I found myself trying to get a handle on the right genre for the book after I finished it, because there were distinct romantic suspense sections, but this was also very much a psychological drama and I almost hesitate to call James and Cara’s relationship arc a romance. It was less and more: maybe because it started when she was so much younger and ended when she was so much more mature (although chronologically not that much older, it ends in 1979), this felt more like what I’d at least call a love story than a romance, to put a finer point on it. They didn’t spend as much page time actively together in a typical “romance,” but it was always clear in scenes apart that they loved each other, sometimes to the detriment of their relationship.
There were a couple of times the story became almost too grim, and that was one of the things that niggled at me. I can’t spoil it because the scene is simply so important to the story, but her reasons for leaving James before she heads west and into the hands of the drug dealer seemed so cruel to me after the wonderfully romantic time the two had shared. I also worry that someone will stumble into this and not get how much of what Cara does can be traced right back to what happened when she was raped as a child. I came to care so much about this woman that I’m protective of her even when I’m trying to review this book.
Yes, the part about getting entangled with a mobster, not knowing he’s an insane, drug-addicted dealer is a little..out there. Yes, in the context of everything else that’s happened to this poor woman, it’s a pile-on. Yes, it has the feel of a contrived way to separate the lovers for that one last, will-they-wait-forever sort of heart-clutching moment. But it works because by the time the book reaches that point, you really, really care. Cara is real. Because Cara is so real, you know why James just can’t give up on her, even when she’s screwing her life up beyond belief. And because Cara has pulled herself together when she’s scraped bottom over and over, they both continue to have hope, so no matter how bad it feels for them, you have hope too.
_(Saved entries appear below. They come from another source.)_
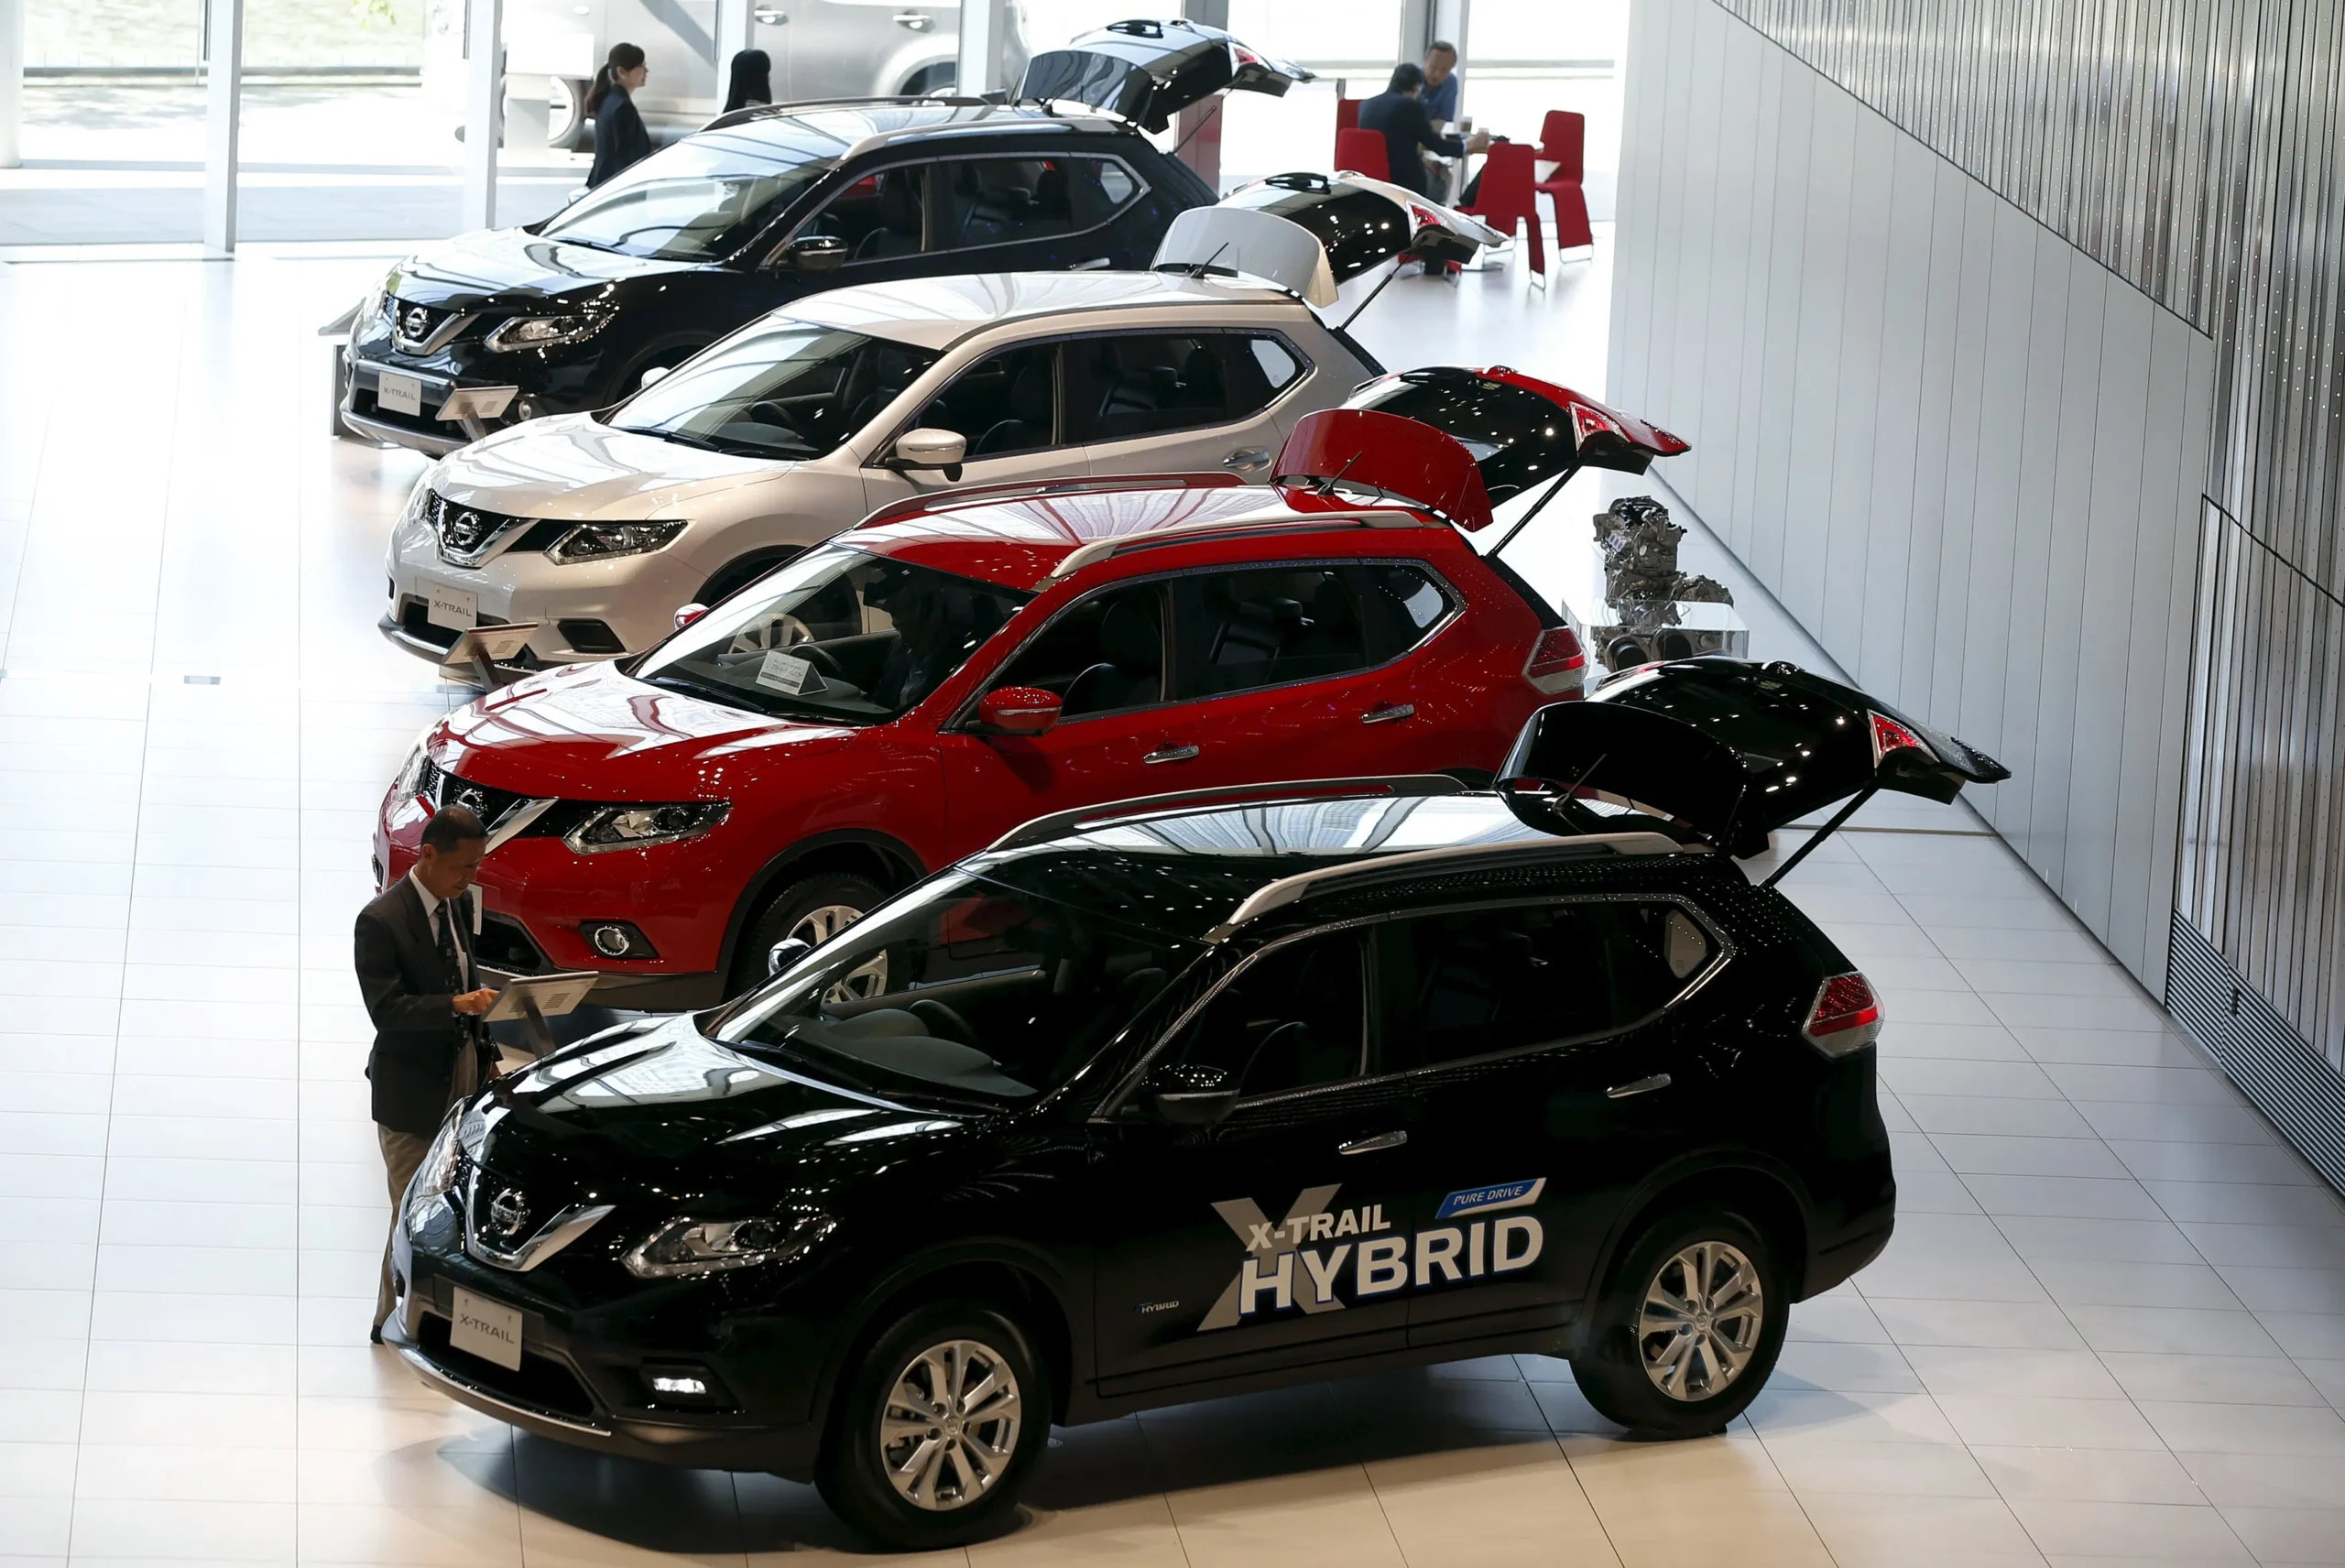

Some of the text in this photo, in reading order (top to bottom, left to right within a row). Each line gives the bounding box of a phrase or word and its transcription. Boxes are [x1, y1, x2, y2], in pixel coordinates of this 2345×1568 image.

[384, 387, 416, 400] X-TRAIL
[434, 600, 472, 617] X-TRAIL
[1453, 1186, 1523, 1206] PURE DRIVE
[1246, 1204, 1391, 1252] X-TRAIL
[1239, 1215, 1544, 1314] HYBRID
[1141, 1301, 1179, 1314] HYBRID
[460, 1312, 515, 1345] X-TRAIL
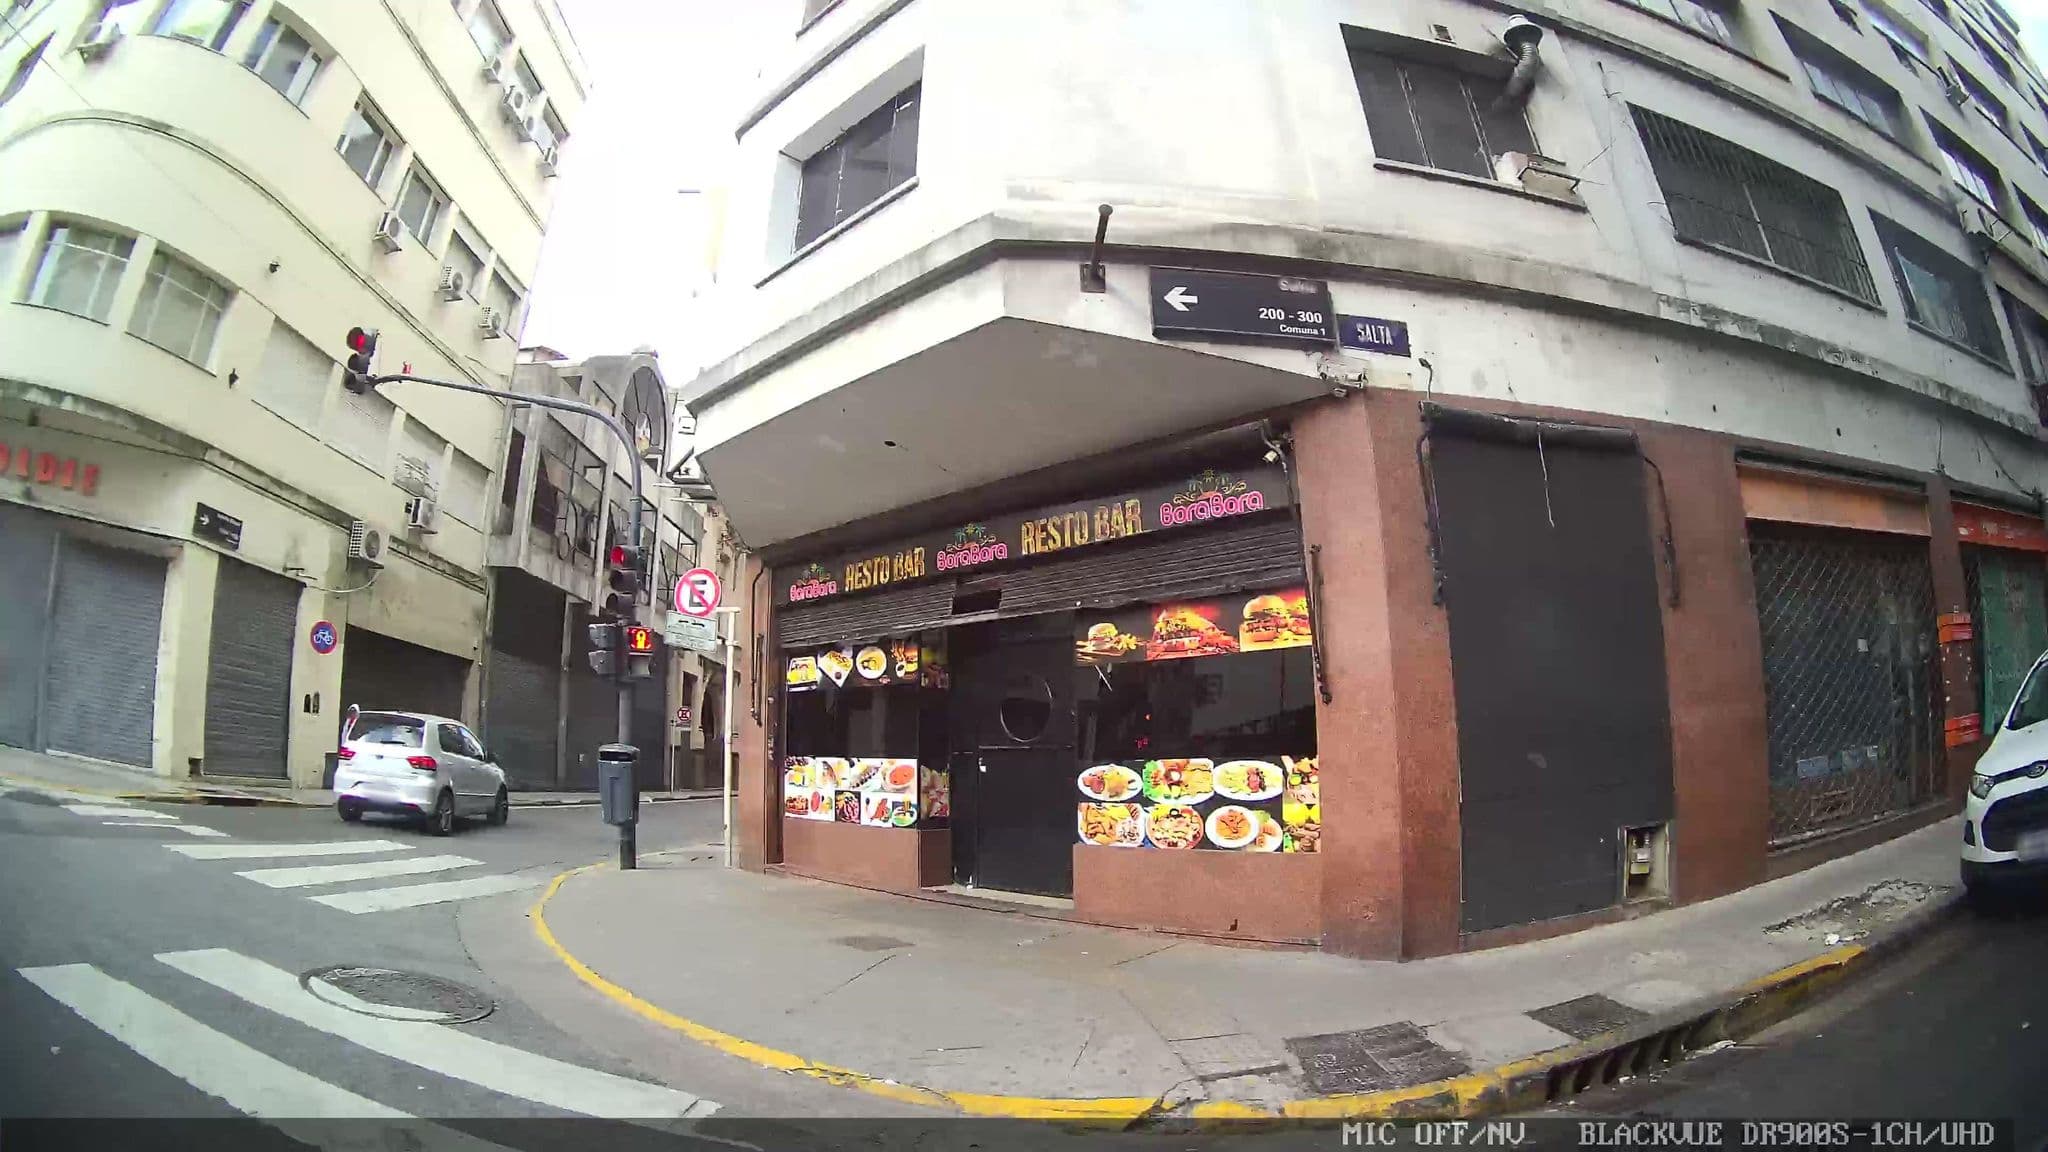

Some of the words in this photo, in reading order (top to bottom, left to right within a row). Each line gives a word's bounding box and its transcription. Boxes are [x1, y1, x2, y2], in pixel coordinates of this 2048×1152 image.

My Summary: This positively sings with emotional authenticity. Cara is a haunting example of what can happen to victims of sexual violence as well as an example of how they become survivors. I knew before I started reading this that it was going to be a tough read; I didn’t expect that it was going to put me through such an emotional wringer, one that’s going to stick with me for a long time. This is an absolute recommend.